→ **Requirement**:
Report only the number of lines that contain the string "엘라스틴" in the records below.

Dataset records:
<<<<
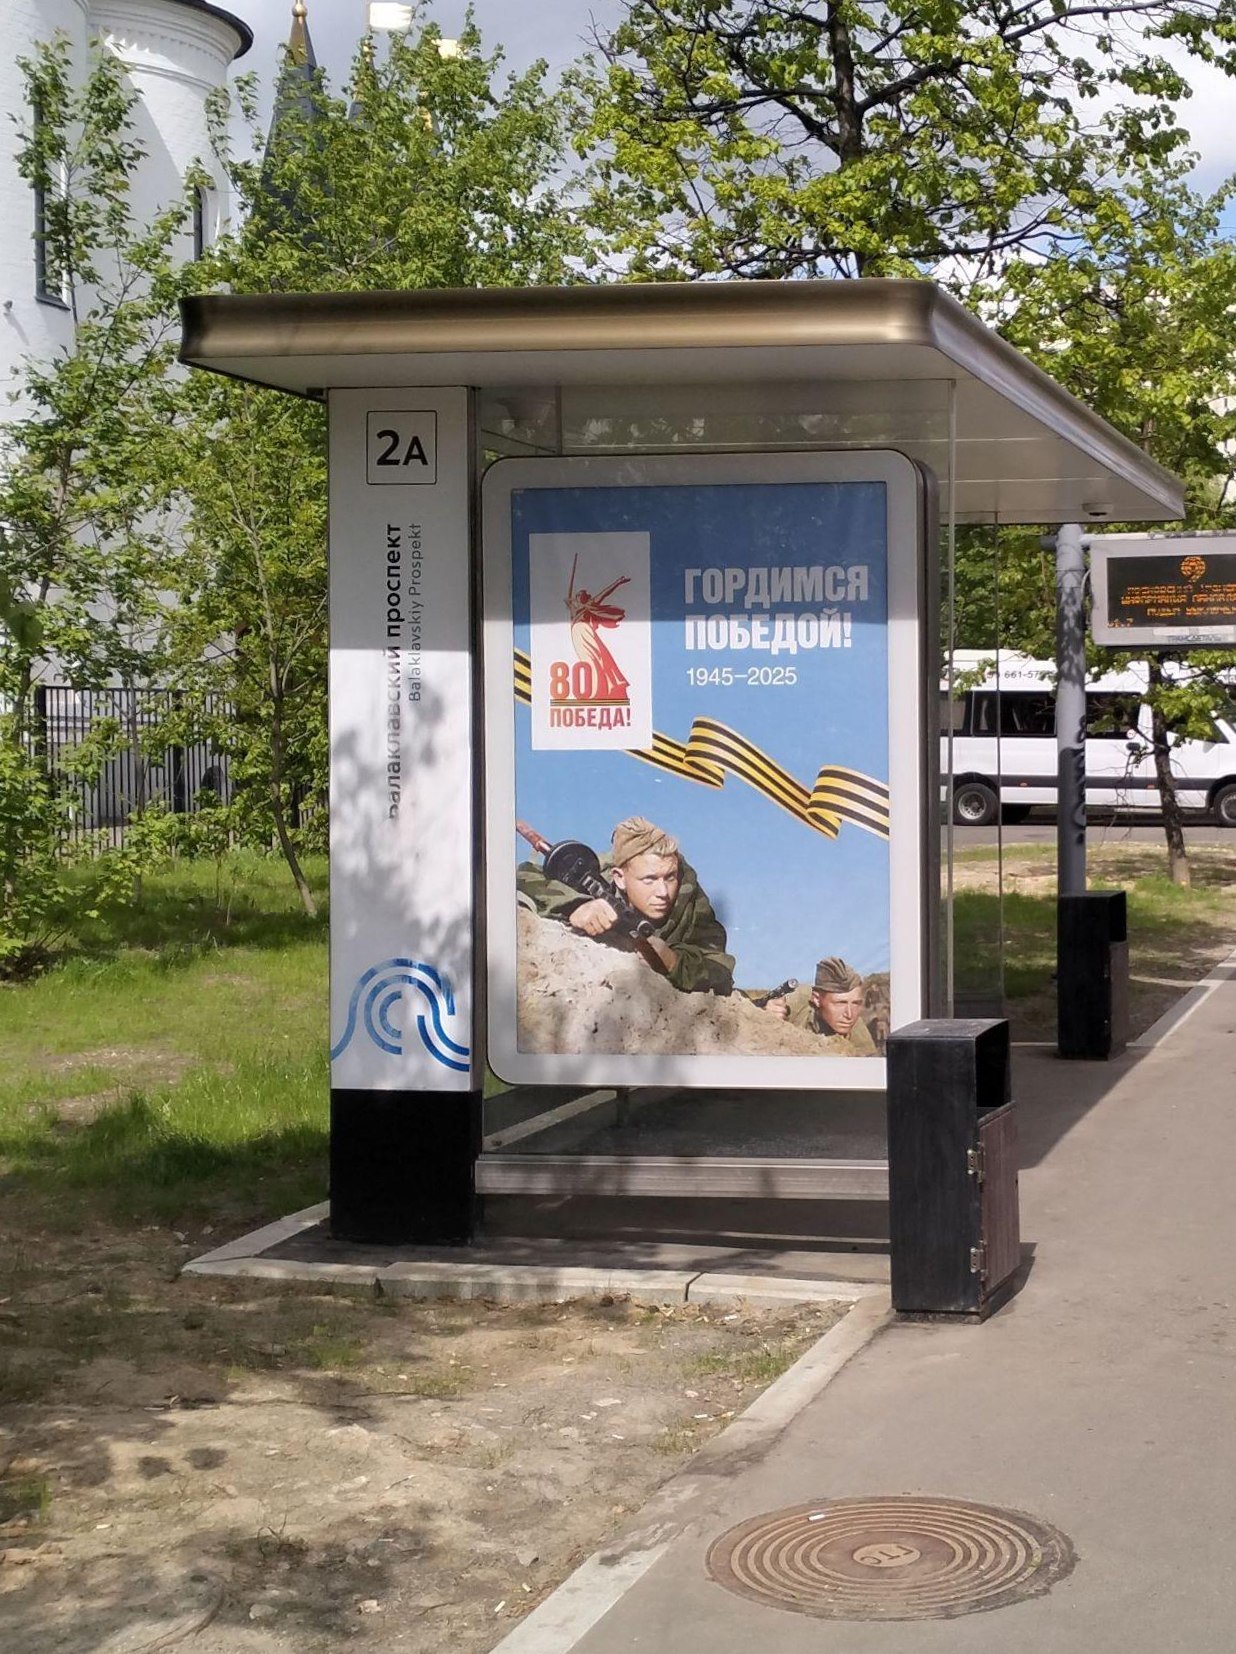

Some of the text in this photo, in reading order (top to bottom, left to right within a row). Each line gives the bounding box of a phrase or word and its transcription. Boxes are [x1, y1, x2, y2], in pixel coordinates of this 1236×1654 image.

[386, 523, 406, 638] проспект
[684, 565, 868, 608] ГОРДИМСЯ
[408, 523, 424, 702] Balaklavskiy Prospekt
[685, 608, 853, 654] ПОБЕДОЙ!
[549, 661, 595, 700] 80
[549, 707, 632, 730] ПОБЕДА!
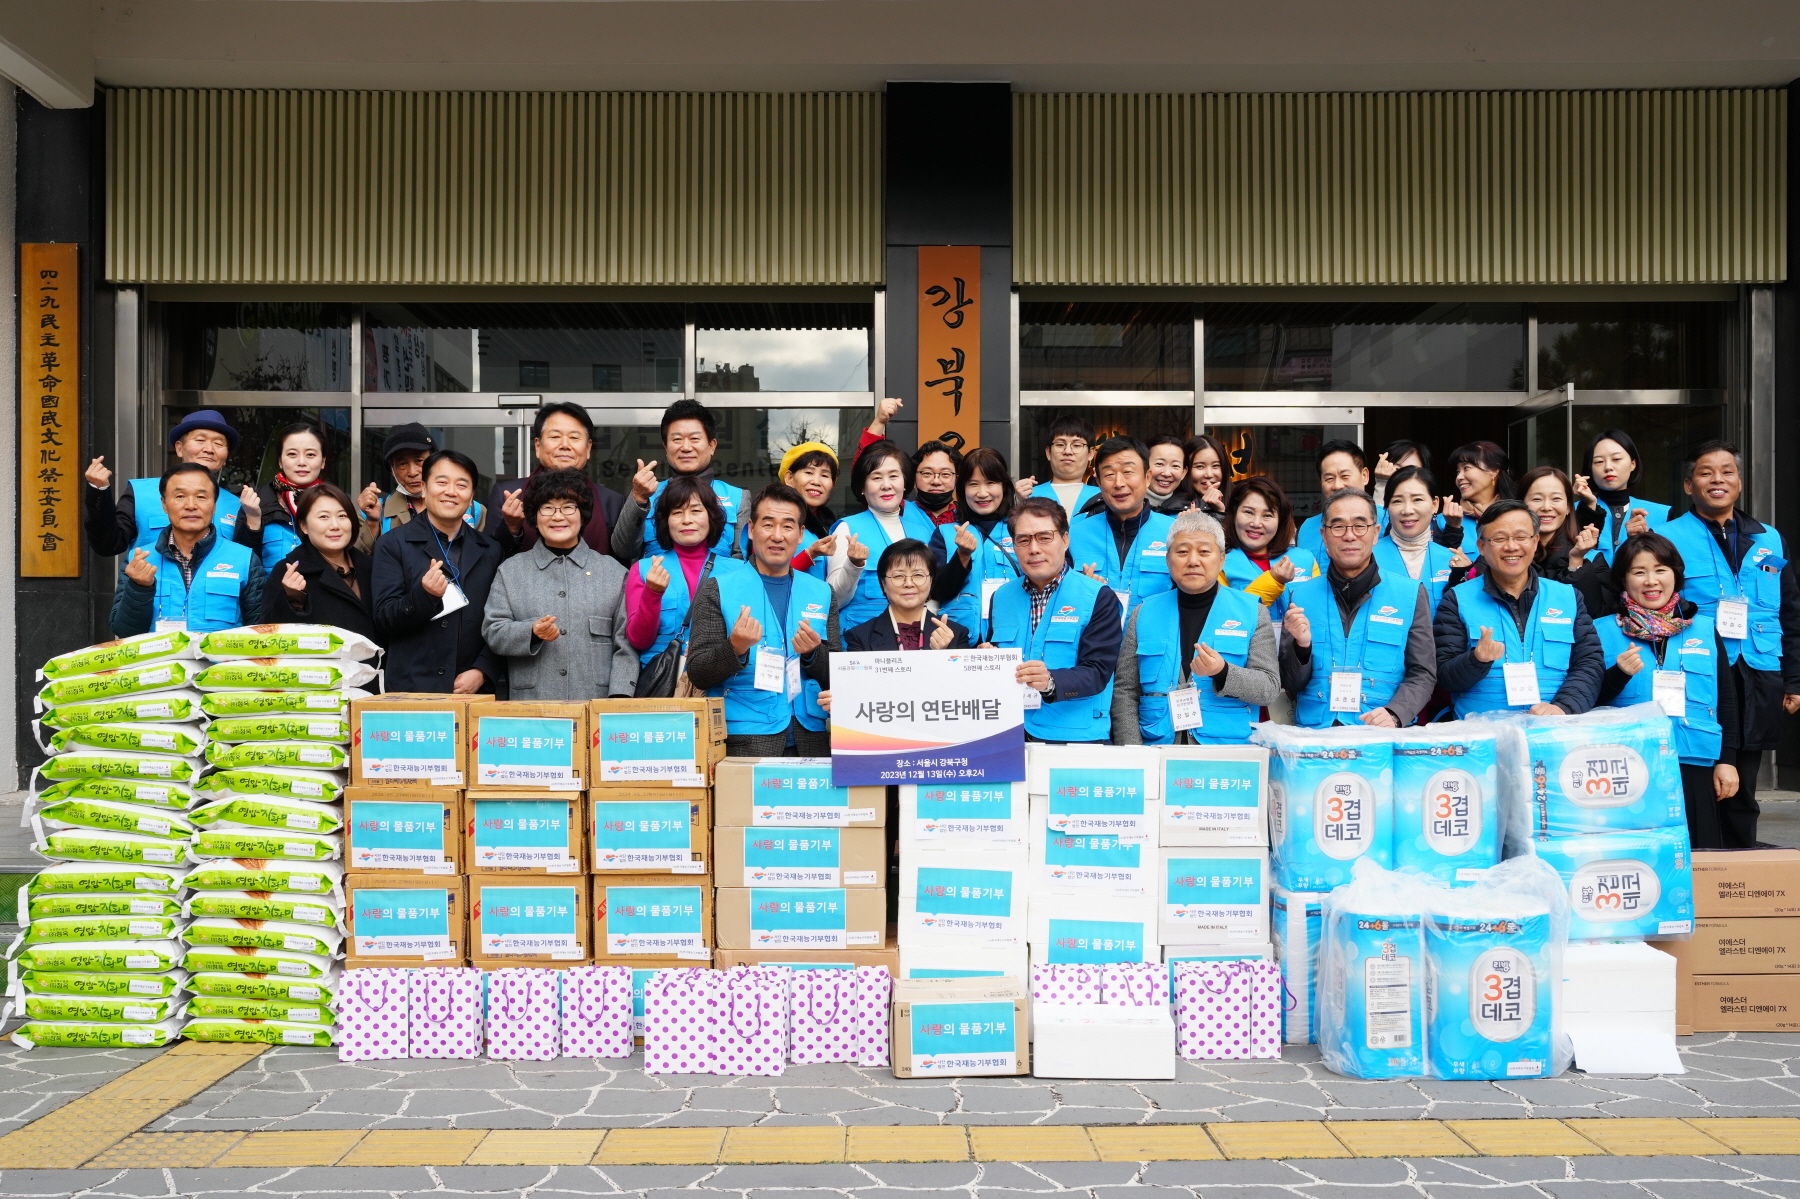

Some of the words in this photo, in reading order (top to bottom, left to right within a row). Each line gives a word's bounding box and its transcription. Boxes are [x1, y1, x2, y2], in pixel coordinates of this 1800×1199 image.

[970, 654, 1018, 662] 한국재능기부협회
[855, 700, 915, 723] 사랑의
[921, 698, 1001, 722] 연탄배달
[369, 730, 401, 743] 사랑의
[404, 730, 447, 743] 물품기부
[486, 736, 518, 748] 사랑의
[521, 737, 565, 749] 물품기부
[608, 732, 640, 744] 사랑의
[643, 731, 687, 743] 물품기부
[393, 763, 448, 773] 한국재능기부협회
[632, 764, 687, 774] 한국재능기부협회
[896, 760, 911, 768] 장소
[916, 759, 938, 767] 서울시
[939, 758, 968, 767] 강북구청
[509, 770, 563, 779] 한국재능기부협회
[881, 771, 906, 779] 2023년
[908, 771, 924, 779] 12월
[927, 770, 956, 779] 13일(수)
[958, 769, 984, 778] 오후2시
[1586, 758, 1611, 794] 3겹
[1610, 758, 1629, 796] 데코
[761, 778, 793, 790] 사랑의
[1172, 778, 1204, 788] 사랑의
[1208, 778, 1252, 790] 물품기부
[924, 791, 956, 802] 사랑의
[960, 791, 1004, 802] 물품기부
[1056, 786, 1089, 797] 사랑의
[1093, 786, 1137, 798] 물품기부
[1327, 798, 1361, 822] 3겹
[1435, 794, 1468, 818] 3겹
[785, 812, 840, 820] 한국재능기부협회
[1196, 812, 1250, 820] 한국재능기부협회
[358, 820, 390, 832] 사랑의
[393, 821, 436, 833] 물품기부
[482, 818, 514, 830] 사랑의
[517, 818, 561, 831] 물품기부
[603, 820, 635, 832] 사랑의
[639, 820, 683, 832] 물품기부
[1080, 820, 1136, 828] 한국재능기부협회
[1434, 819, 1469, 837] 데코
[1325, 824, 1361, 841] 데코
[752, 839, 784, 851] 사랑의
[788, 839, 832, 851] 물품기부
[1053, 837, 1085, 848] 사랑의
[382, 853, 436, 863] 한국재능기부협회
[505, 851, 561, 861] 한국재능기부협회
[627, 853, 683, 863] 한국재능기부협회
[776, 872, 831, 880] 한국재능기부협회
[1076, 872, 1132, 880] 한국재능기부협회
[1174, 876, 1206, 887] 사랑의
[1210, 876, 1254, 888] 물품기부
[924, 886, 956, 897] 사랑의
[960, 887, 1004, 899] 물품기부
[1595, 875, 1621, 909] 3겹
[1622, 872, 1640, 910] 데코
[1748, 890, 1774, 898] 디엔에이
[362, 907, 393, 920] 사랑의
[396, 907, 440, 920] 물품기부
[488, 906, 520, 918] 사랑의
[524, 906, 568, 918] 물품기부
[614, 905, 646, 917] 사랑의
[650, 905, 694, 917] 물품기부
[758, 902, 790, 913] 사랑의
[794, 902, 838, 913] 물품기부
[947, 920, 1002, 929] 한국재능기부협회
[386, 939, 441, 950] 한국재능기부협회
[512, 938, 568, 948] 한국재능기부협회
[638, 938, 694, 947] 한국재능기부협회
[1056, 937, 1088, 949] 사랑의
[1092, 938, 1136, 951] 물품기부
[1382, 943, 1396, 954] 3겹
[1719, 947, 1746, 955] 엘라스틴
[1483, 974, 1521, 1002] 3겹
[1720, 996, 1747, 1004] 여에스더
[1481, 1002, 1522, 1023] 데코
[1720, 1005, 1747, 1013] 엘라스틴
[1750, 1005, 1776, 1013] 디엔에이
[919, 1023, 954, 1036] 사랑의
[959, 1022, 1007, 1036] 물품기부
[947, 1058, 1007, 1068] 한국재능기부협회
>>>>
→ **Completed exercise**:
2